What Does A Nutritional Therapist Actually Do?

There are a lot of misconceptions about the role of nutritional therapists in healthcare. In this article, I hope to clarify them and explain why you may wish to consider booking an appointment with one in the near future.

Living - and working - in a country that provides “free” healthcare for its citizens is certainly a privilege but it has a tendency to create skepticism for any other form of healthcare that falls outside this paradigm and charges a fee for services rendered.

Nutritional therapy is a relatively new profession - one that exists mainly in response to the alarming and seemingly ubiquitous rise in chronic disease despite advances in modern medicine. The science on which it is based has evolved so quickly (and continues to do so) that its practitioners are often in disagreement over best practices, leaving the average layperson - at best - confused and - at worst - critical of the profession as a whole. Caring for oneself and the attainment of optimal health was once so instinctive that it is no wonder people bristle at the very idea of an “expert” presuming to know what is best for a perfect stranger, having neither lived their lives nor faced their challenges.

Rather than fuel what can be a dynamic of right versus wrong, I think it may be helpful to simply outline what I do and how it might benefit you in particular and the overburdened NHS in general.

Collaboration: is both the heart of what I do and the future of healthcare. I collaborate in a few very important ways:

  • I make it clear from the beginning that I am an ally. Clients set the agenda, the pace at which they are willing to proceed at any given time, which path to go down and when.

  • I liaise with clients’ doctors and recommend the services of other healthcare providers so that we can work as a cohesive team. This gives each client the opportunity to design their own protocol and to possibly boost the effects of each intervention.
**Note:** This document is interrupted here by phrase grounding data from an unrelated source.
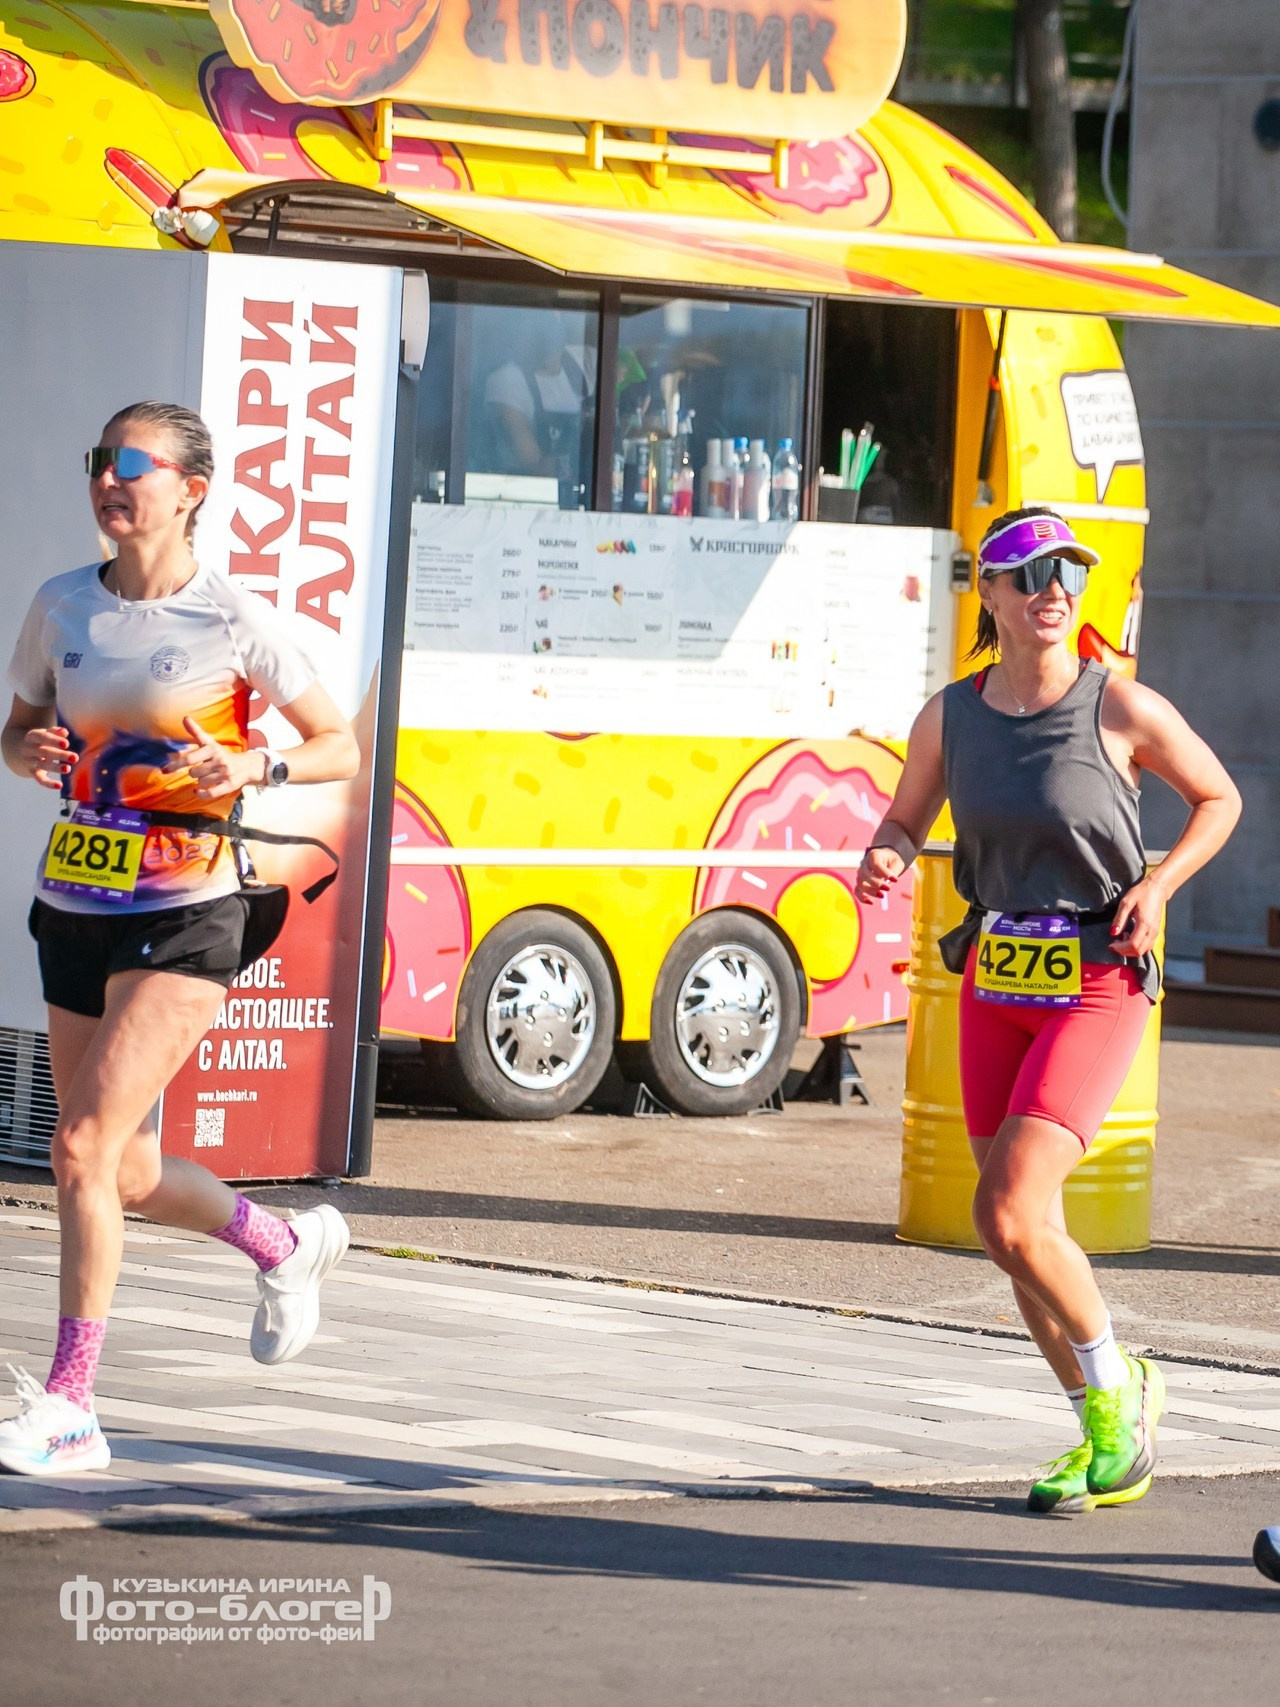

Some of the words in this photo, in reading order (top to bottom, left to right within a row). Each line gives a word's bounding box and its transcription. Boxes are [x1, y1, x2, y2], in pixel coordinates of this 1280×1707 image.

[517, 0, 836, 94] ПОНЧИК
[229, 296, 295, 609] КАРИ
[295, 302, 359, 635] АЛТАЙ
[53, 829, 131, 875] 4281
[232, 957, 286, 989] ВОЕ.
[978, 940, 1073, 981] 4276
[1024, 981, 1059, 990] НАТАЛЬЯ
[208, 998, 334, 1032] АСТОЯЩЕЕ.
[198, 1039, 213, 1071] С
[217, 1038, 288, 1071] АЛТАЯ.
[197, 1089, 258, 1102] www.bochkari.ru
Empowerment: our body’s have an innate capacity to heal - given optimal conditions. I believe that sharing knowledge on the most optimal conditions for the individual before me whilst recognising (and making it clear) that they have the right to choose which path to go down - and when - is absolutely crucial. Most importantly, I introduce the notion that our genes are not our destiny. None of us need plod on towards inevitable decline as “decreed” by our genes. Any choices made today have an impact on the expression of one’s genes and, therefore, one’s health (and on the health of one’s children and even grandchildren) in the future - for better or for worse. Keeping this in mind engenders a profound feeling of control over the course of one’s life. Empowering clients in this way is also more likely to help them become the foremost expert on themselves and to, therefore, take a proactive - as opposed to reactive - role in the long run.

Investigation: I look beneath symptoms and labels to find root causes, bearing in mind that these always differ from person to person. Viewing the body as an interconnected whole, I also use functional testing - if desired - to ascertain levels of underlying phenomena (inflammation or oxidative stress, for example) that may be driving either sub-optimal function or a disease process. This vital information then underpins the direction the client may wish to take and gives the best possible outcome.
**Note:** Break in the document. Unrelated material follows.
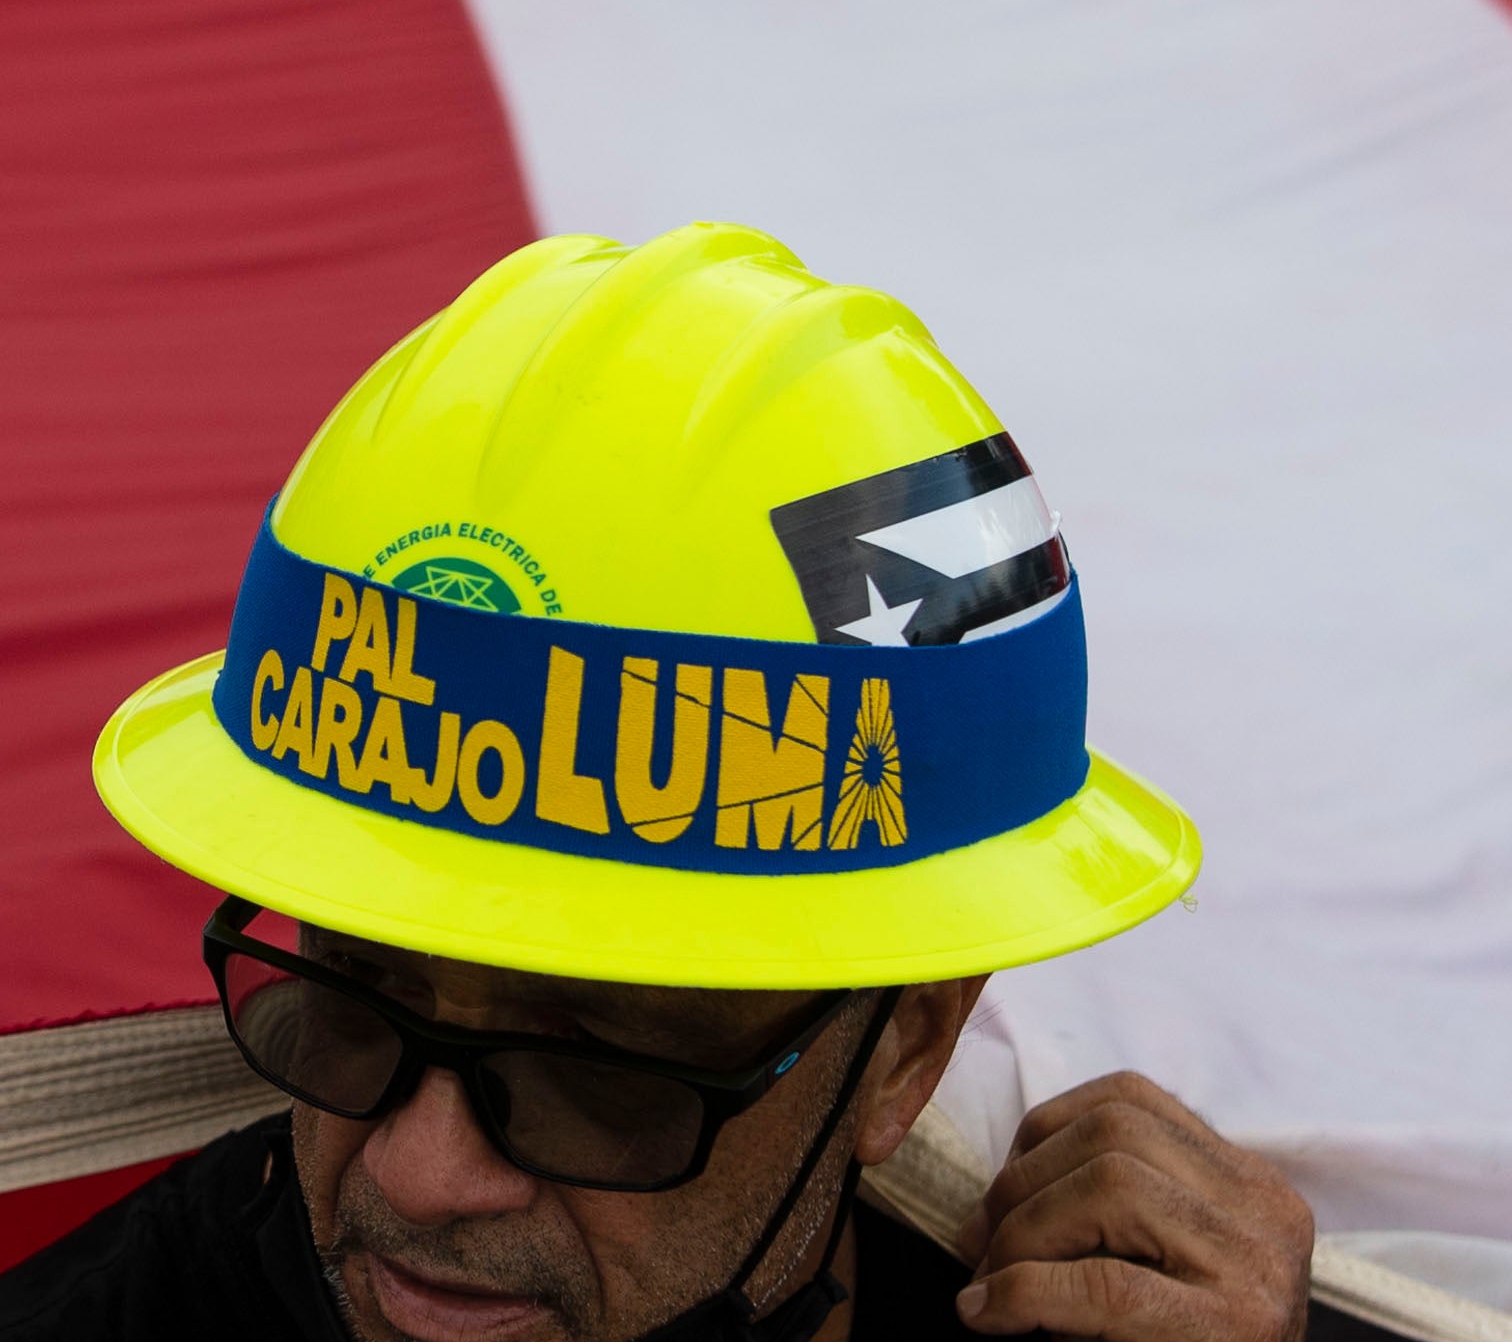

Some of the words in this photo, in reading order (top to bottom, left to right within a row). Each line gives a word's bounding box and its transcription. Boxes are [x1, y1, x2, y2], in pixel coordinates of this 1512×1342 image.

Above all, I encourage an open mind, a desire to experiment and the use of any outcomes as valuable data with which to inform next steps. Ultimately, my goal is to teach clients to fish for their own resources - be that intrinsic motivation, awareness, intuition, the bolstering effect of past successes/familial support, etc. This, I find, is the best and most sustainable way to help them achieve as much independence from me as possible and to see that their health lies in their own hands in the long run.